As predicted in my preview, the argument in Clark v. Rameker displayed a bench giving serious consideration to both sides of the case.  The case presents a simple issue, at the intersection of bankruptcy law and retirement policy.  Among the assets exempt from the estate of a debtor in bankruptcy, Congress has with steadily increasing generosity included a wide variety of retirement funds.  This case involves a $450,000 IRA that petitioner Heidi Clark (currently in bankruptcy) inherited upon the death of her mother.  If the IRA is exempt, she can keep the IRA and use it for support after her bankruptcy; if it is not exempt, the bankruptcy court will take it and use it to pay creditors.

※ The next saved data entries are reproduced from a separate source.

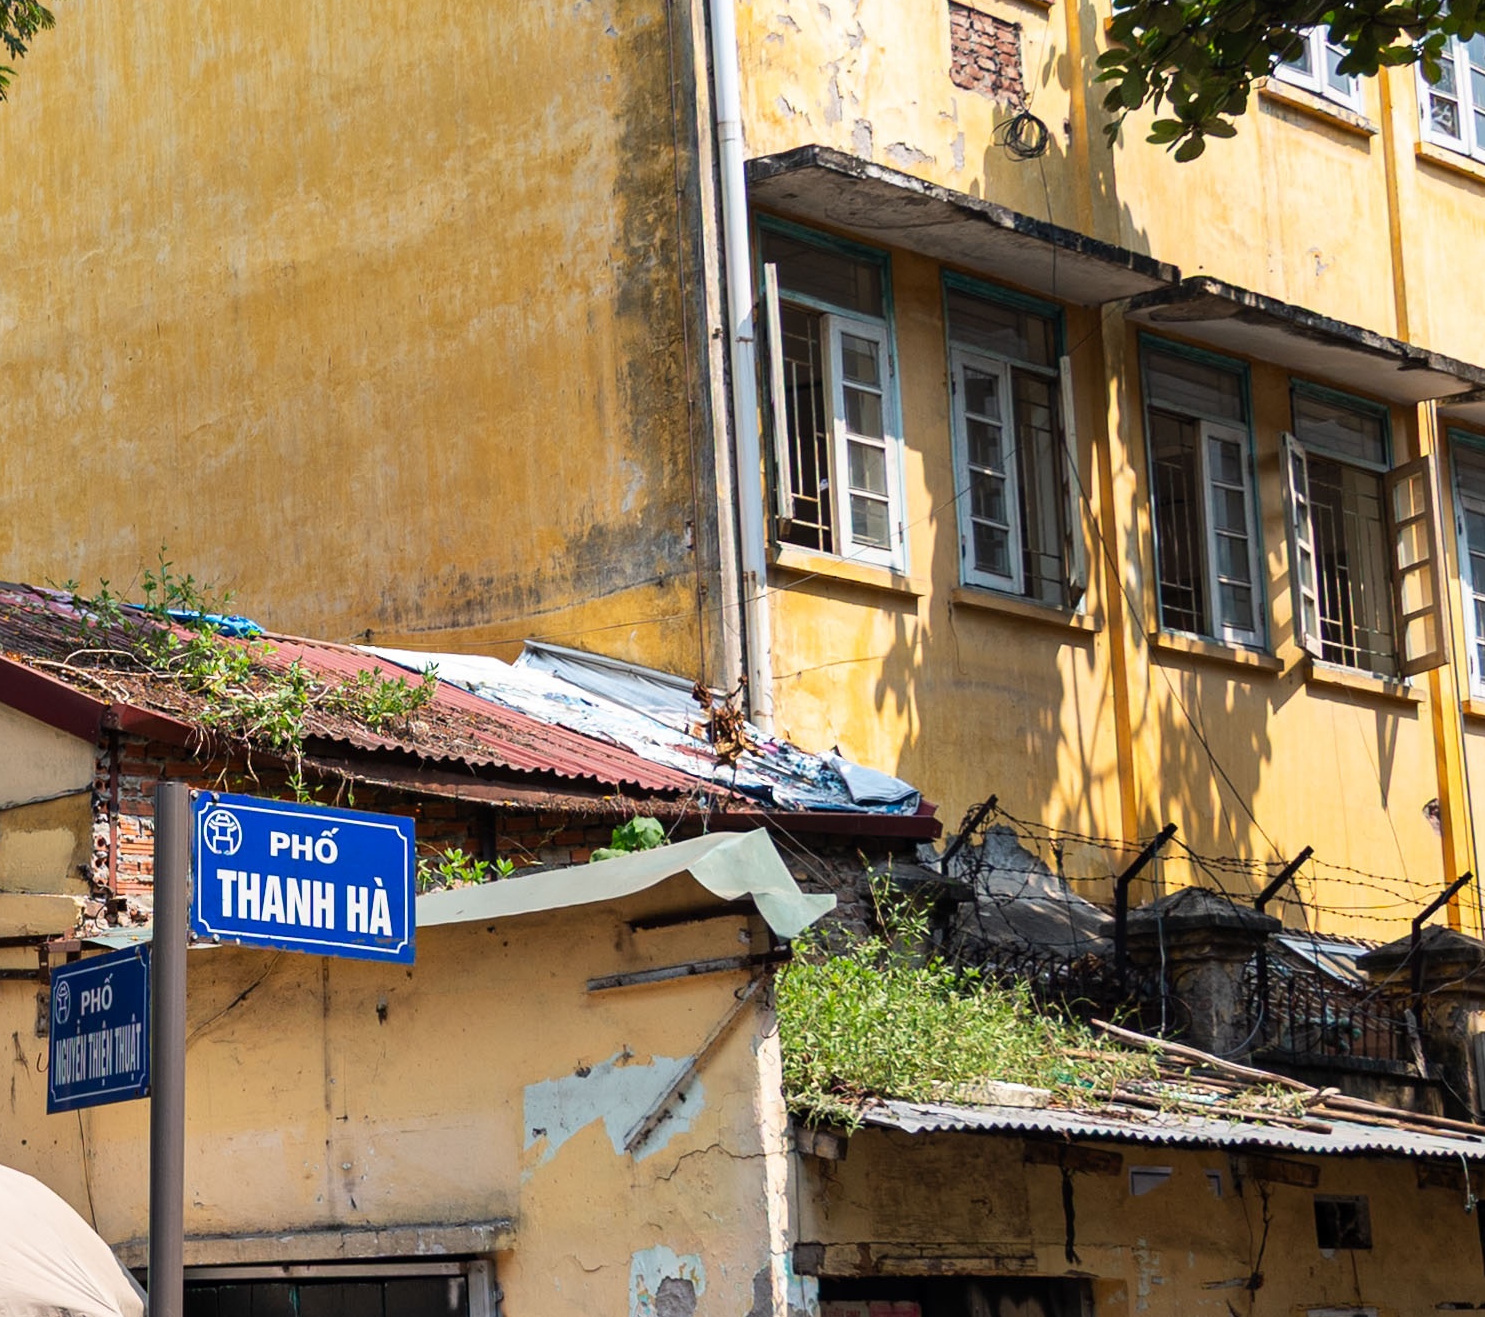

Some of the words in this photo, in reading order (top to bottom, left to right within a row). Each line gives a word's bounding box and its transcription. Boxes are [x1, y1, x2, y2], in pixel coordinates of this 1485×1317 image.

[269, 826, 339, 864] PHỐ
[217, 868, 335, 930] THANH
[346, 876, 394, 937] HÀ
[81, 973, 113, 1016] PHỐ
[88, 1020, 113, 1086] THIỆN
[114, 1013, 142, 1081] THUẬT

The relevant statute is Bankruptcy Code § 522(b)(3)(C), which exempts “retirement funds to the extent that those funds are in a fund or account that is exempt from taxation under [seven listed sections] of the Internal Revenue Code.” The parties agree that the inherited IRA is exempt from taxation under one of those sections.  The sole issue in dispute is whether the inherited IRA constitutes “retirement funds” for purposes of paragraph (C).  Clark argues that the IRA is exempt because it was set aside for retirement (by her mother), which makes it retirement funds, and because it falls within one of the listed sections. The trustee (Rameker) argues that it is not exempt, because it is no longer retirement funds, explaining that applicable tax rules give Clark the right (and arguably the incentive) to withdraw the funds promptly.

Obviously well prepared, the Justices gave neither side much breathing room, peppering both lawyers from beginning to end with probing questions about the weak points of their position.  So only moments after Kannon Shanmugam (representing Clark) began to speak, Justice Kennedy pressed on the weakest point of Shanmugam’s position, noting that “it seems to me that you really rendered the words ‘retirement funds’ superfluous.”

Shanmugam began to offer his perspective, acknowledging that in his view “retirement funds” doesn’t independently exclude anything from the statute. But before he could articulate his statutory reading, Justice Ginsburg stepped in to ask about a “feature” of his reading she finds “disturbing”:

Congress was very careful when it crafted exemptions from the bankrupt estate, like the homestead estate.  . . . . . Is it likely that Congress would have created an exemption so large that – this one is claimed to be $300,000 – for funds that are immediately usable by the bankrupt? I mean, this big pot of money gets exempt from the creditor’s claim? It just seems incongruous, considering how narrow Congress has made the other exemptions.

Shanmugam’s answer to that problem is that the exemption is no larger for inherited IRAs than it is for several other types of accounts, including Roth IRAs, which also permit immediate withdrawals (at least of the principal).  Justice Sotomayor sparred with him on that subject for a few minutes, pointing out that the Roth IRA principal can be immediately withdrawn because it’s already been taxed, so it provides little support for his argument here.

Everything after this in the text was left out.